Bockbierfestival Utrecht 2021

Después de la quiebra (o más bien descalabro económico) de la organización que hacía el festival de cerveza bock en Amsterdam, algo que sucedió en el 2018, nos quedamos huérfanos y el año 2019, justo antes de la pandemia truscolana y podemita fuimos al Bockbierfestival Amersfoort 2019, que aunque diferente, también disfrutamos. Paso un año y con la pandemia, en el 2020 no hubo nada, naíta, nada y en este 2021, el único festival que se anunció fue uno en Utrecht, ciudad muy conveniente para de Uitverkorene porque casualmente, vivo y jiño aquí. Al estar en mi terreno, no tenía sentido ir a Hilversum para comer y como al final solo éramos mi amigo el Moreno y un servidor, me sugirió ir a uno de sus restaurantes favoritos, llamado Meat & More y en donde por increíble que parezca, se come CARNE, pero de la de verdad, no esas mierdas sintéticas para retardados, pollabobas y pollardones, que si no eres lo suficientemente hombre o mujer para ser carnívero, afróntalo y dilo y jártate con gusto de tus mierdas de espinacas y de coles y todo tipo de hierbas y así revientes algún día. Él venía en tren, así que dejé mi bicicleta en el mayor aparcamiento de bicicletas del universo conocido y por conocer, debajo y junto a la estación y nos vimos en la plaza que está sobre parte del edificio con el aparcamiento. Llegó pronto y paseamos por la ciudad que forma el corazón de los Países Bajos, por su ubicación y porque es el nudo que lo comunica todo, que aquí mucho lerdo se puede creer que esa es Amsterdam pero la ciudad está en un extremo del país, mientras que esta está en el medio. A la hora que teníamos la mesa reservada, nos acercamos al restaurante, nos identificamos como el aclamado autor del mejor blog sin premios en castellano, famosísimo autor del porcast YO NUNCA y su acompañante. Seguro que el Ancestral vio el pedazo de carne que me jinqué, uno de trescientos gramos, aunque mi amigo se pidió cuatrocientos, pero es que yo, al ser noréxico-bulímico-del-coño, con menos tengo y además, que peso al menos veinte kilos menos que él. Después de cenar fuimos al bockbierfestival, que se celebraba en el Janskerkhof, la explanada delante de una ex-iglesia y en donde suelen hacer mercados en los fines de semana. La habían vallado y creado unas líneas de acceso en donde primero se comprueba que tienes tu fabuloso código QúeRre y después la entrada.

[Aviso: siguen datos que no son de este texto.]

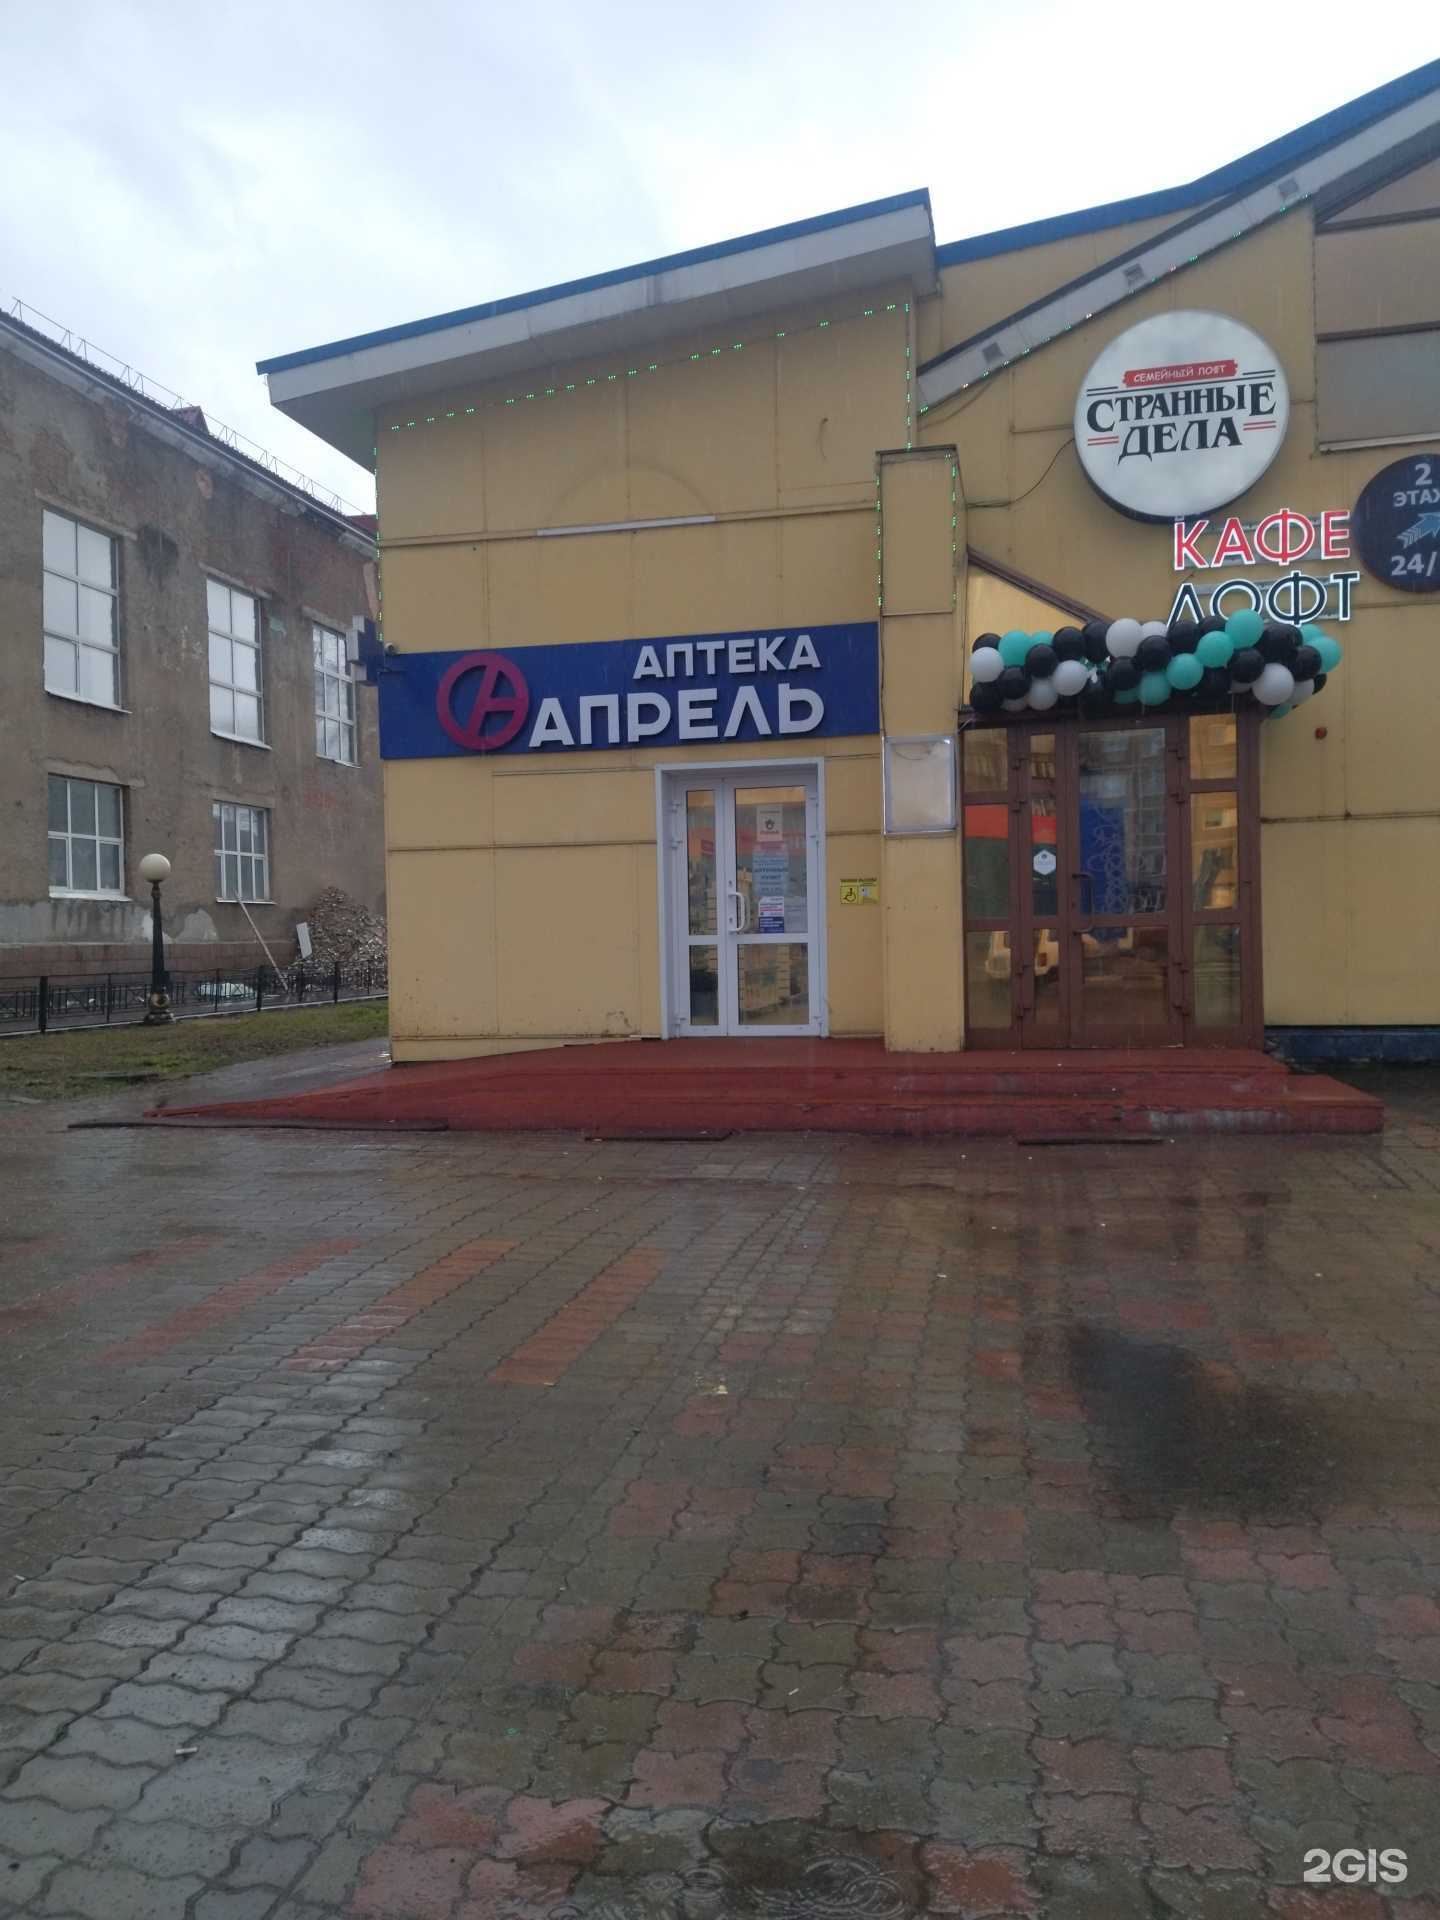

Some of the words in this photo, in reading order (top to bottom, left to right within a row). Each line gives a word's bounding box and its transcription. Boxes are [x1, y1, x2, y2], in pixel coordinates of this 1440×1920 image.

[1133, 366, 1194, 383] СЕМЕЙНЫЙ
[1086, 382, 1277, 433] СТРАННЫЕ
[1117, 416, 1242, 465] ДЕЛА
[1415, 463, 1432, 486] 2
[1174, 508, 1350, 570] КАФЕ
[1166, 570, 1360, 628] ЛОФТ
[633, 634, 821, 680] АПТЕКА
[529, 683, 825, 748] АПРЕЛЬ

En esta ocasión, en lugar de poner foto de cerveza tras cerveza, he hecho un popurrí con casi todas, salvo la primera, que fue una Texelse Bock y a la que le hice la foto con el vaso vacío porque se me pasó. Las otras fueron una Weizenbock, la Chouffe 6666, Life’s like a Bock of, repetimos con la Texelse Bock y acabamos con la Vitus, que siguen el orden del popurrí, de arriba izquierda a abajo a derecha. Esas más una durante la cena. Pueden parecer pocas cervezas pero estamos hablando de dobles o triples, con un porcentaje de alcohol de r-escándalo.

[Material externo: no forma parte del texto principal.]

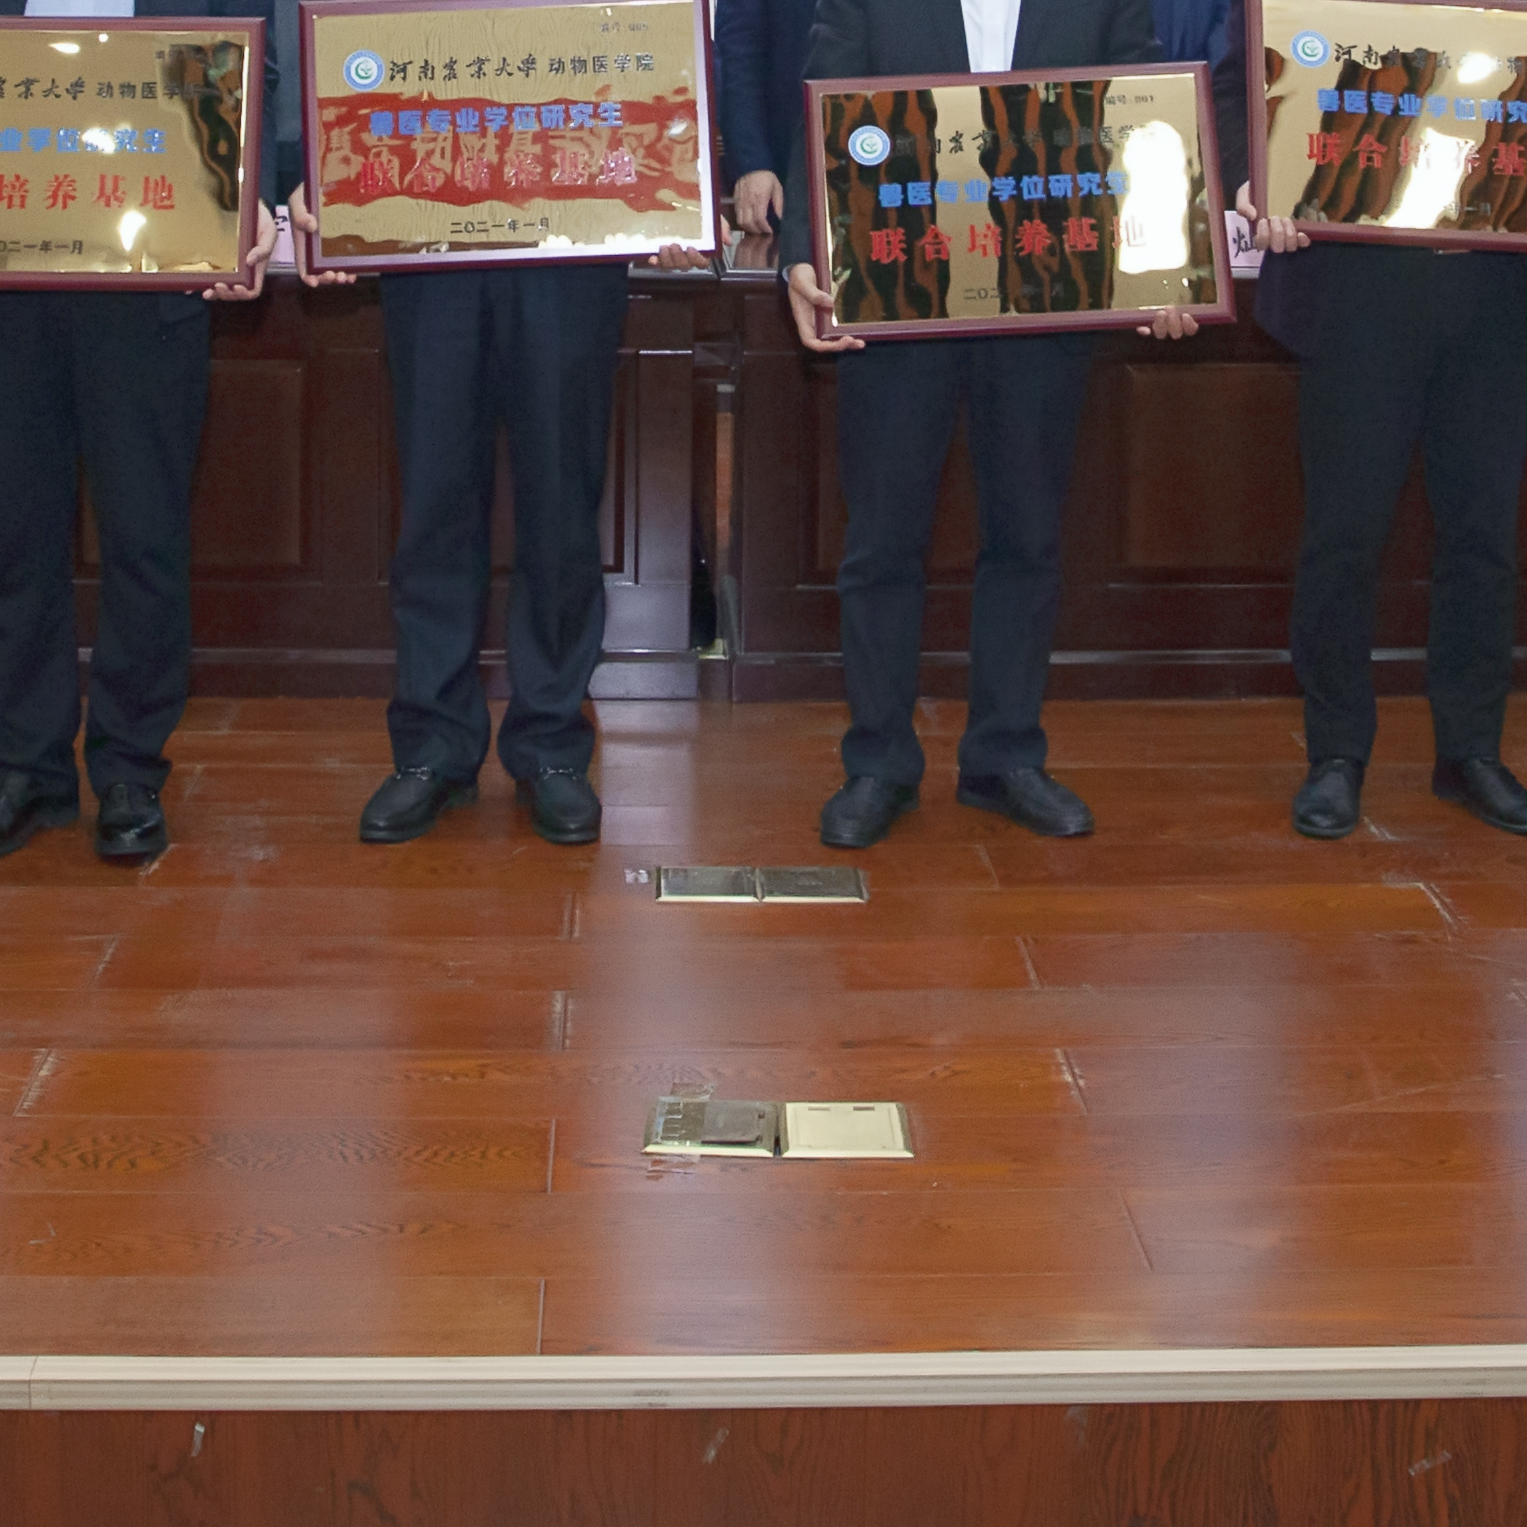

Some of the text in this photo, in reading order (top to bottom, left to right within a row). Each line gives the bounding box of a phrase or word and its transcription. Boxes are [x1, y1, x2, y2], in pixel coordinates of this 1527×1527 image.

Con el otoño y las luces, los árboles de la plaza creaban una cubierta fabulosa y todas mis fotos fueron con la cámara mirando hacia arriba. Hacía un frío que no veas pero como tenían calentadores de gas, nos agenciamos uno y cuando lo abandonábamos para ir a buscar otra o pasar por los meaderos, le bajábamos la potencia y la gente no se quedaba allí porque hacía frío y cuando volvíamos se la subíamos y listo, que parece que la inteligencia no es el fuerte de los alcohólicos y a nadie más se le ocurrió el truco. Aunque ya no hay uso de mascarillas ni restricciones de casi ningún tipo, la única que sí que sigue existiendo es que los locales de comida y bebida han de cerrar a la medianoche, pero en nuestro caso, nos fuimos sobre las once porque el Moreno quería coger el tren que sale para Hilversum antes de las y media. Entré en el andén con él y lo acompañé mientras esperaba y una vez me quedé solo, regresé a mi bicicleta, que borracho y todo siempre la encuentro y volví con el piloto automático a mi casa, haciendo una parada técnica a medio camino porque pensé que me meaba tó. La noche esa creo que batí el récord de veces en las que me desperté para ir al baño y el sábado ciertamente tuve un inicio del día interesante con resaca, aunque después de jincarme unos churros con chocolate y dejar que se asentaran un par de horas en el tripote, ya me quedé asentado y pude salir a correr y después ir al cine.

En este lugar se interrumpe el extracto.